Saved entries
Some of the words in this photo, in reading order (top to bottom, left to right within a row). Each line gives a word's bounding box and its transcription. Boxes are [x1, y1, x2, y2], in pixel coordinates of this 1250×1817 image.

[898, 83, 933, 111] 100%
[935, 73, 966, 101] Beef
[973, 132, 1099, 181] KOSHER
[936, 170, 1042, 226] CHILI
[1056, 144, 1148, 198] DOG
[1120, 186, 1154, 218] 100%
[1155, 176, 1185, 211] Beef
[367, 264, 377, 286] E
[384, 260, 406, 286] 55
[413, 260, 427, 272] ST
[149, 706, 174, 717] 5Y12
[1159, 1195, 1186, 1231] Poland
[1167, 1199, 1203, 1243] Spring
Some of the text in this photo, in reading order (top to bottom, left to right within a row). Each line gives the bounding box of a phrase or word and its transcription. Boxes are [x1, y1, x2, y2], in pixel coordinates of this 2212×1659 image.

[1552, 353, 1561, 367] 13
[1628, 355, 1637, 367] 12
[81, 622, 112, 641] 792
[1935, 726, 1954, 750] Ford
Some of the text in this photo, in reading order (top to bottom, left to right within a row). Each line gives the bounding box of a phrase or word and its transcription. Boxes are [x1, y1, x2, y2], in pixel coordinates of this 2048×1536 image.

▸ WHAT THIS TASK INVOLVES: Exactly the lines from the one with "this 2212×1659 image." through the final line of the entries are to be returned, both ends included.

▸ WRITTEN REPLY:
Some of the text in this photo, in reading order (top to bottom, left to right within a row). Each line gives the bounding box of a phrase or word and its transcription. Boxes are [x1, y1, x2, y2], in pixel coordinates of this 2212×1659 image.

[1552, 353, 1561, 367] 13
[1628, 355, 1637, 367] 12
[81, 622, 112, 641] 792
[1935, 726, 1954, 750] Ford
Some of the text in this photo, in reading order (top to bottom, left to right within a row). Each line gives the bounding box of a phrase or word and its transcription. Boxes are [x1, y1, x2, y2], in pixel coordinates of this 2048×1536 image.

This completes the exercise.